Armed violence and insecurity intensified across Mali in May 2025, particularly in the regions of Timbuktu, Gao, Mopti, and Ménaka, triggering a sharp rise in displacement. The number of internally displaced persons reached nearly 380,000, a 14.4 per cent increase compared to the same time last year. Women and girls are disproportionately affected by the crisis, facing heightened risks of gender-based violence (GBV) including sexual violence, exploitation, and forced marriage, while also struggling to access essential sexual and reproductive health (SRH) services. Currently, less than 25 per cent of health facilities in crisis-affected regions provide comprehensive SRH care or GBV survivor support, and nearly half of specialized GBV services remain closed nationwide.

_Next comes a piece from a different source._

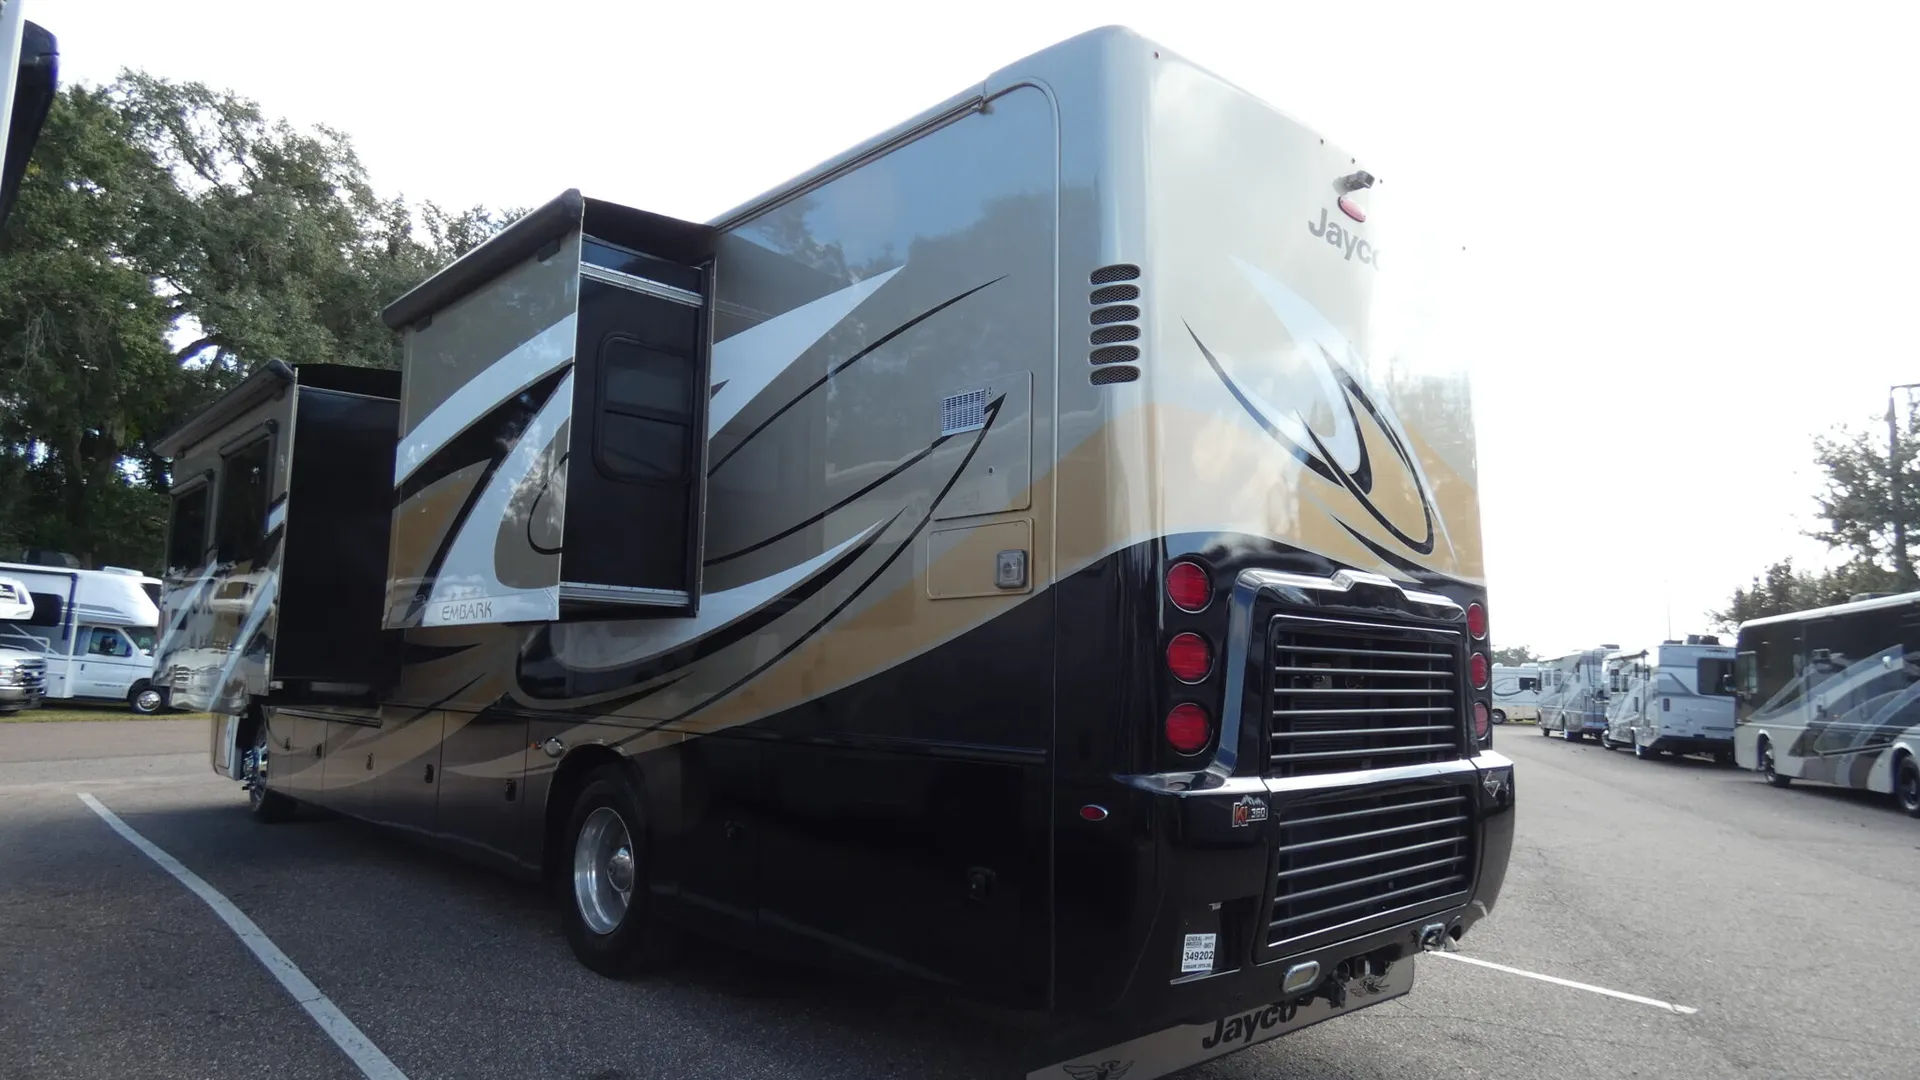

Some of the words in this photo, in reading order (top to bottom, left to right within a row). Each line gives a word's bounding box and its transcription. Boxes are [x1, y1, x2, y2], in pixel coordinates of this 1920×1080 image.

UNFPA Mali continues to scale up its humanitarian response, supporting 86 health facilities, six women and girls’ safe spaces, and seven one-stop centers in the hardest-hit regions. In May alone, mobile health teams reached nearly 2,900 people in displacement sites — 80 per cent of them women and girls — with SRH and GBV services. Midwives provided antenatal, postnatal, and delivery care, while dignity kits and reproductive health supplies were distributed in flood-affected and conflict-impacted areas. UNFPA also trained health personnel and community members on emergency SRH and GBV response, including the clinical management of rape, and coordinated with women-led organizations to localize and strengthen the GBV referral system.
However, the response remains severely underfunded. UNFPA requires US$16.5 million to meet urgent SRH and GBV needs in Mali in 2025, but only US$2.9 million has been secured, representing just 18 per cent of the total requirement. Without urgent additional funding, 82 per cent of the planned response remains at risk, potentially leaving thousands of women and girls without life-saving care and protection in an increasingly volatile and under-resourced environment.